SUPPLIED RECORDS section start
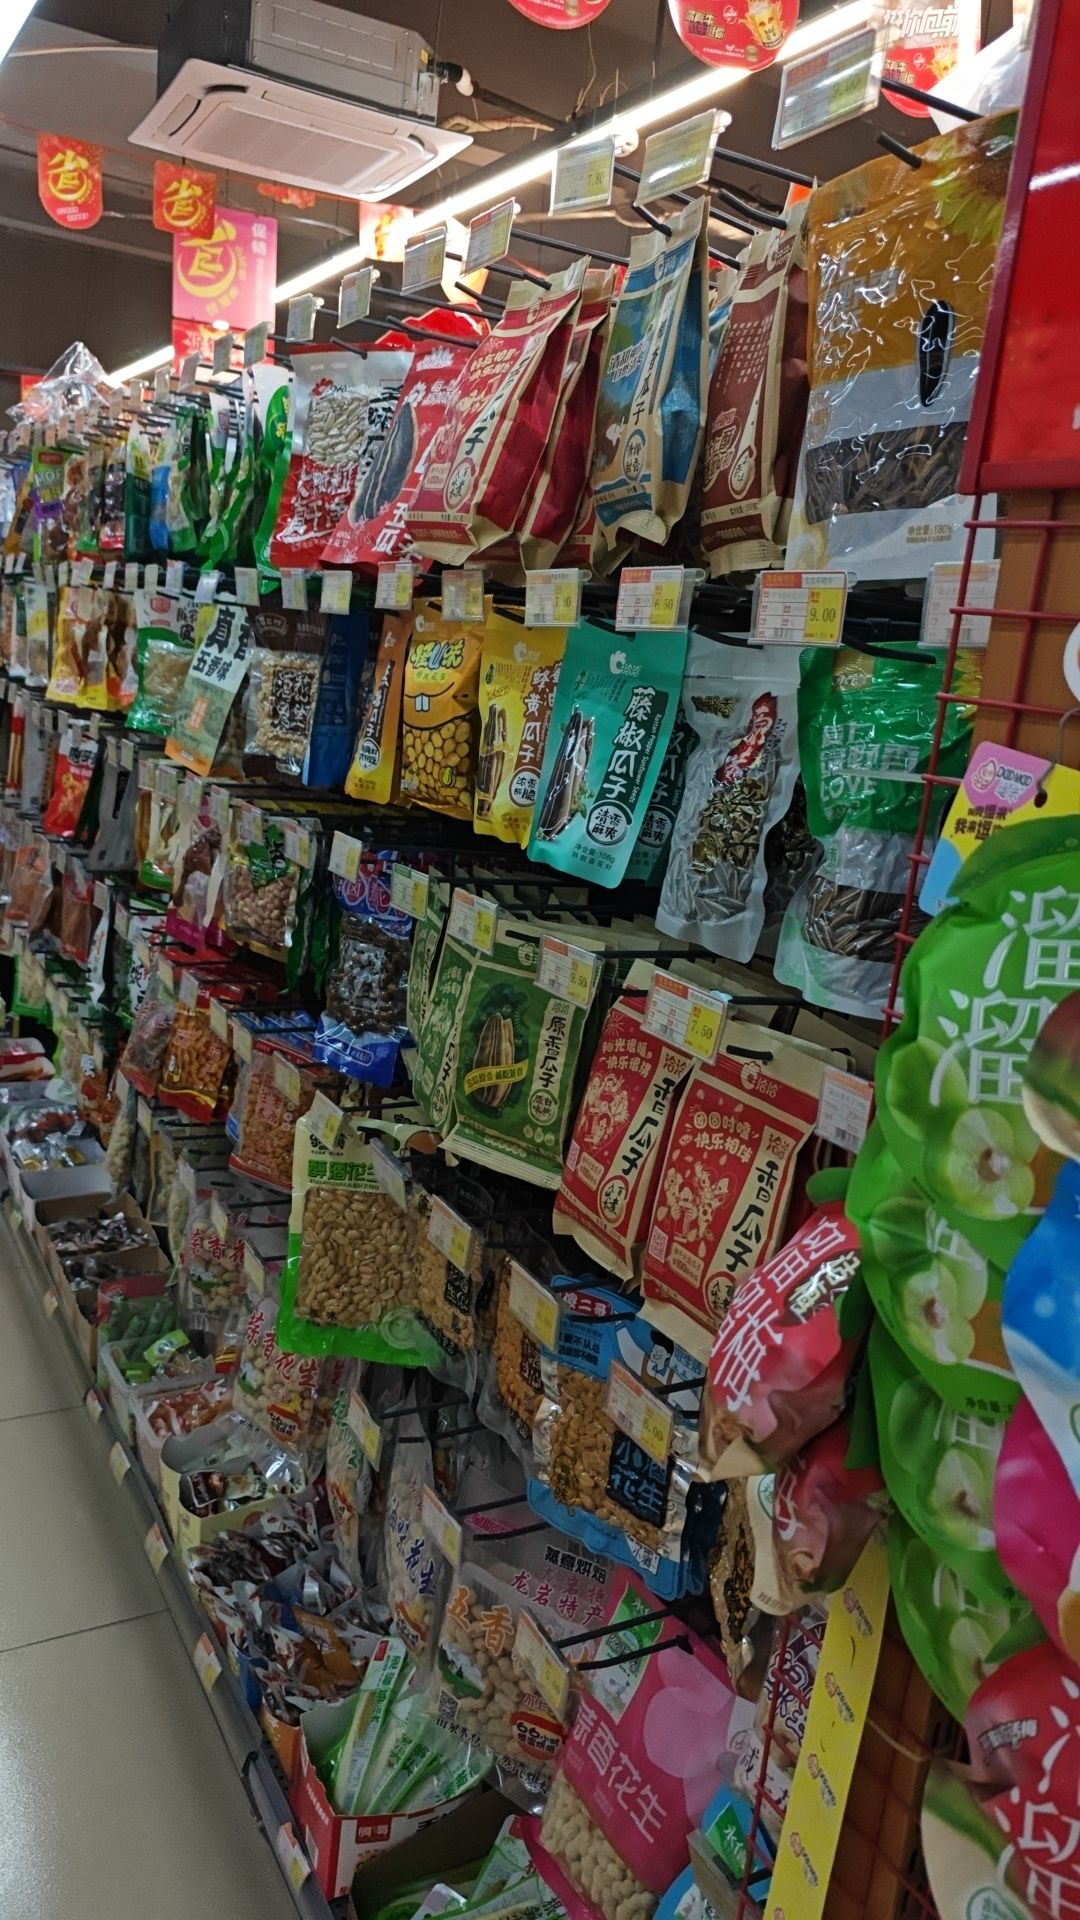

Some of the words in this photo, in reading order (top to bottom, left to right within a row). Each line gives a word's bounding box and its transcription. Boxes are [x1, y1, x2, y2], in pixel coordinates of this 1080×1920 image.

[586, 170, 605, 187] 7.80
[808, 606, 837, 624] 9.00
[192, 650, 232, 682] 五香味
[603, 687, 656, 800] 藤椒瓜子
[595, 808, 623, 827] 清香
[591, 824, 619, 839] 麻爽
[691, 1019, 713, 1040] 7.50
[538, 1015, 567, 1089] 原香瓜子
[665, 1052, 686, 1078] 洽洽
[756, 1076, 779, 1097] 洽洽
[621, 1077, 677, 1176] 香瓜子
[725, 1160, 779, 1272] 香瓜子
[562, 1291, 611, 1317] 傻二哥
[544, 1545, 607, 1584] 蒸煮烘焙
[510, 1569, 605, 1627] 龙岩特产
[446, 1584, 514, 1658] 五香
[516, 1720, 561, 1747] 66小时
SUPPLIED RECORDS section end
▶ _TASK OBJECTIVE_
Word-for-word repeat, images excluded: return all the data.

▶ _EXERCISE RESULT_
Some of the words in this photo, in reading order (top to bottom, left to right within a row). Each line gives a word's bounding box and its transcription. Boxes are [x1, y1, x2, y2], in pixel coordinates of this 1080×1920 image.

[586, 170, 605, 187] 7.80
[808, 606, 837, 624] 9.00
[192, 650, 232, 682] 五香味
[603, 687, 656, 800] 藤椒瓜子
[595, 808, 623, 827] 清香
[591, 824, 619, 839] 麻爽
[691, 1019, 713, 1040] 7.50
[538, 1015, 567, 1089] 原香瓜子
[665, 1052, 686, 1078] 洽洽
[756, 1076, 779, 1097] 洽洽
[621, 1077, 677, 1176] 香瓜子
[725, 1160, 779, 1272] 香瓜子
[562, 1291, 611, 1317] 傻二哥
[544, 1545, 607, 1584] 蒸煮烘焙
[510, 1569, 605, 1627] 龙岩特产
[446, 1584, 514, 1658] 五香
[516, 1720, 561, 1747] 66小时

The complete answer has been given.